Some problems remain concerning the selection of subjects. The subjects in the schizophrenic group were self-selected (although not for having OBEs, of course) and those in the control group were more nearly random Also the schizophrenics were asked about their OBEs on two separate occasions and the control group on only one. This might produce spurious between-group differences that have nothing to do with schizophrenia. The fact that the proportion of typical OBEs was the same in both groups might imply that any such effect was minimal. Nevertheless, further research without these problems is obviously warranted.

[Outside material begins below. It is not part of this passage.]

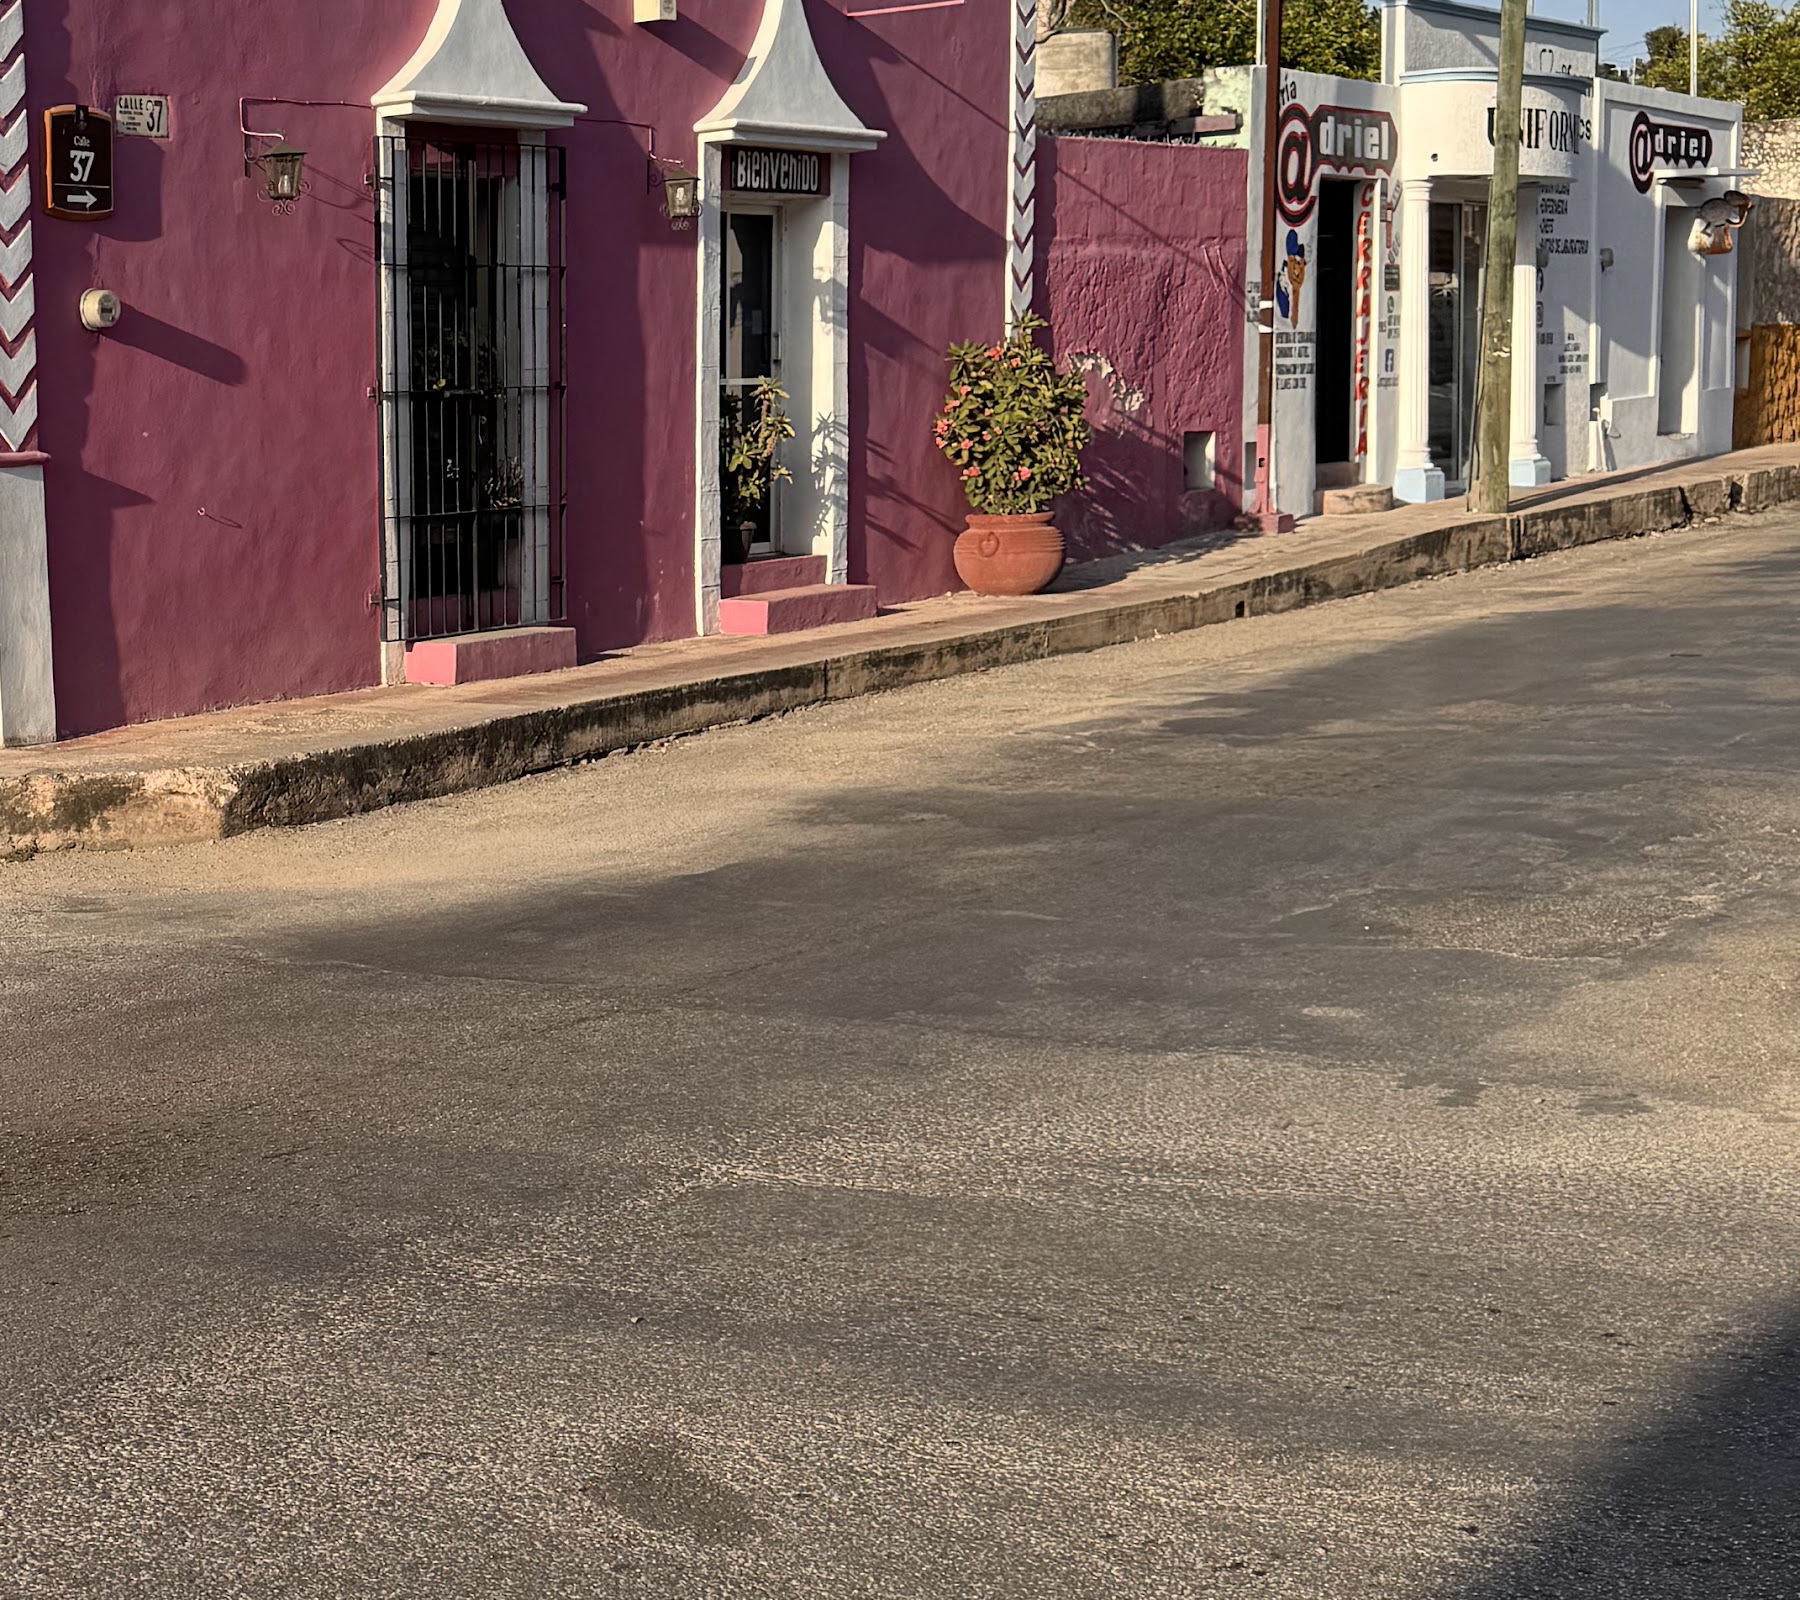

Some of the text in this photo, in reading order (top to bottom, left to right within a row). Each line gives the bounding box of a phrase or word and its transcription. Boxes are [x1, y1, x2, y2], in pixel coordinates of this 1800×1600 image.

On the basis of the findings reported here, we may answer our original questions very simply. OBEs do   not seem to be pathological. People who experience them may fear that they are “going crazy” but in fact   normal control subjects experience just as many typical OBEs as schizophrenics do. Also, among schizophrenics, those who report more symptoms are no more likely to have typical OBEs. There seems to be no basis for considering the appearance of OBEs as an indication of pathology or as a symptom of schizophrenia.